However, today I noticed a very strange behaviour in the size of brackets located outside the cancelation in formulas with powers that had several terms. Depending on the number and combination of plus and minus signs in the power, the outer \left( and \right) brackets where unexpectedly larger or smaller than usual.

This makes it complicated to use them with equivalent non-cancelled terms or, as in my case, terms with only a difference in a sign. The simpler example of what I'm trying would be:

    \documentclass{article}
    \usepackage{cancel} 
    \begin{document}

    \begin{equation}
    \left[ \psi_0 \, \cancel{e^{-i \left( k_0 z-\omega_0t\right)}} \right] 
    \left[ \psi_0 \, \cancel{e^{i \left( k_0 z-\omega_0t \right)} } \right] 
    \end{equation}

    \end{document}

But I would like the brackets in both terms to be the same size.

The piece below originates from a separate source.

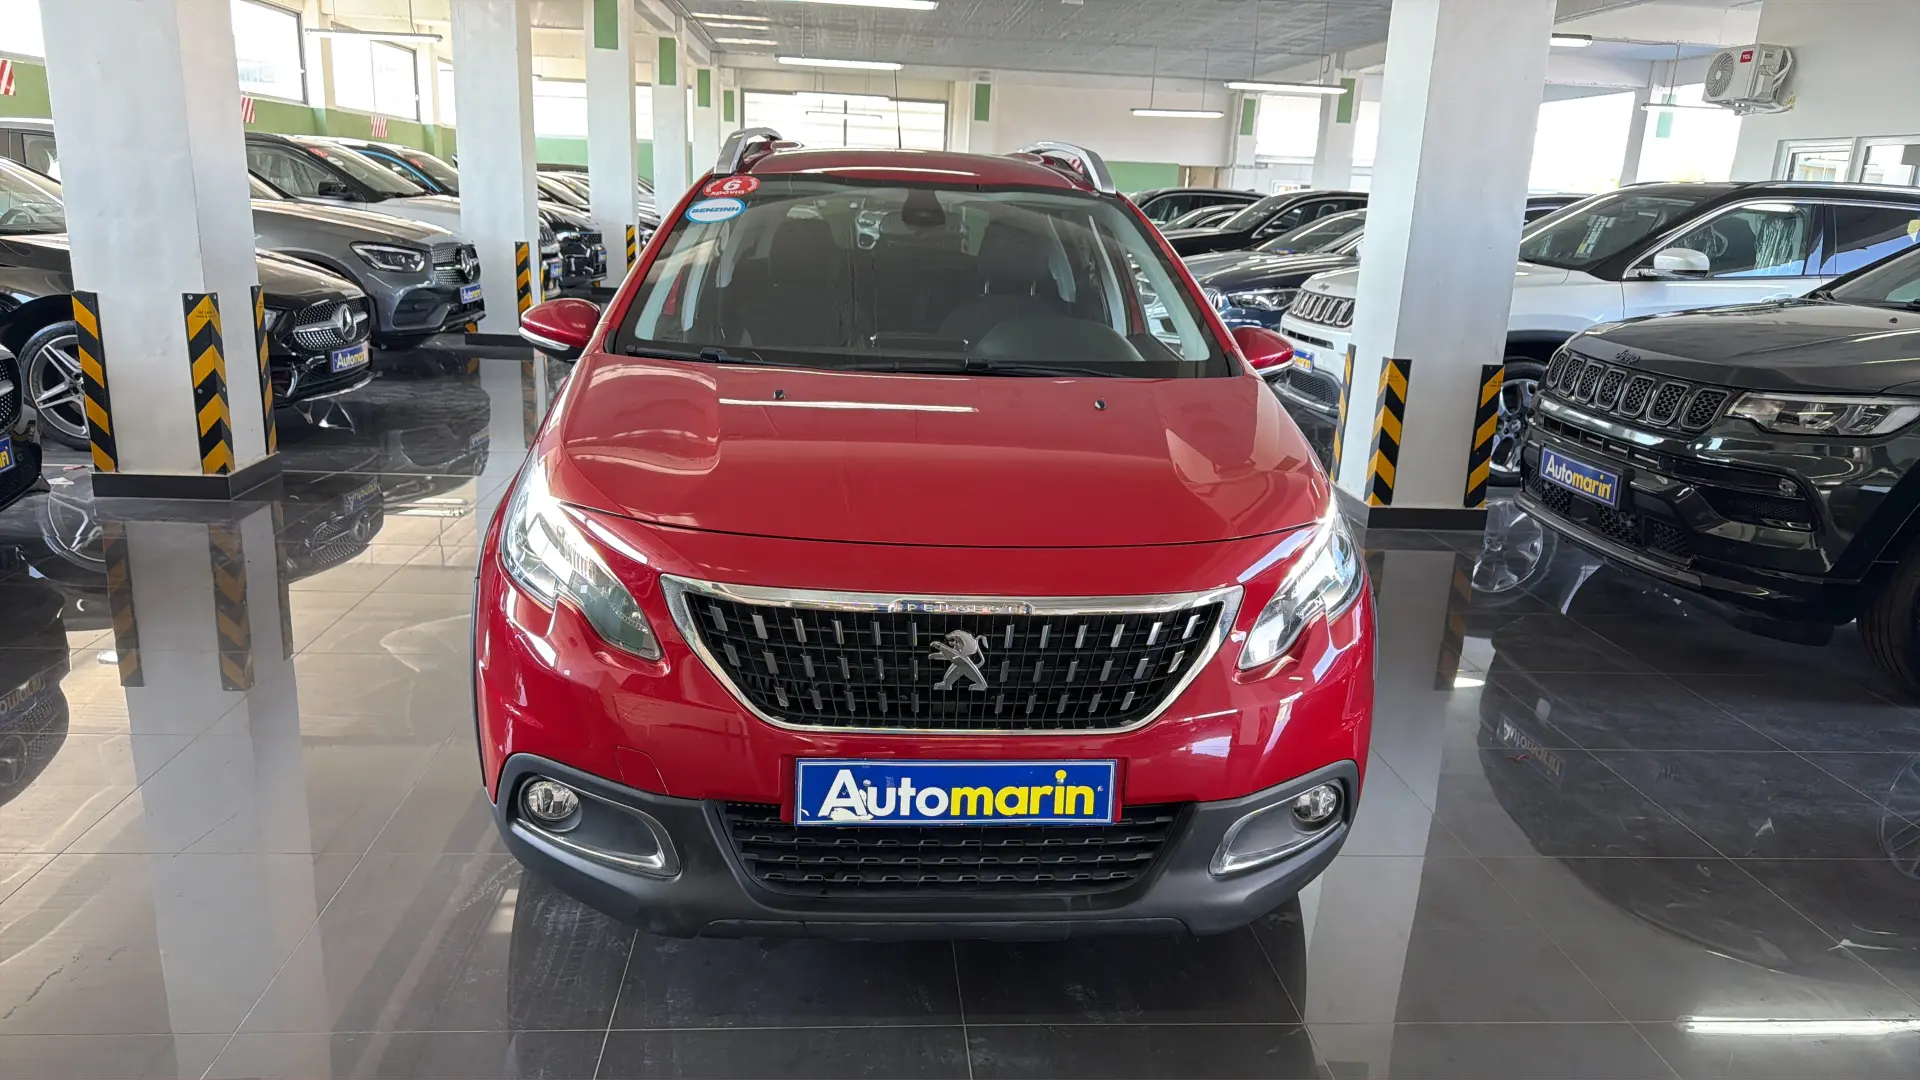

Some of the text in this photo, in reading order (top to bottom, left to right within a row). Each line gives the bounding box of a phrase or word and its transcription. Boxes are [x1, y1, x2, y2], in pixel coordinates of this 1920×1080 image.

I'm not sure if this is a bug or I am missing something. But even in the case it's a bug it would be helpful to know if there is any trick that would allow me to sort it out.

An image with two examples, one where the cancel command shrinks the brackets below the normal size and another where it enlarges them:

Two examples of anomalous bracket sizes caused by the cancel package

I've tried to find the rule to post it here, using from one to seven terms with different combinations of plus and minus signs, but unfortunately it seems to me such an erratical behaviour that I haven't been able to understand the global pattern. I post here some additional examples in case it can help an expert user to spot where the problem might be.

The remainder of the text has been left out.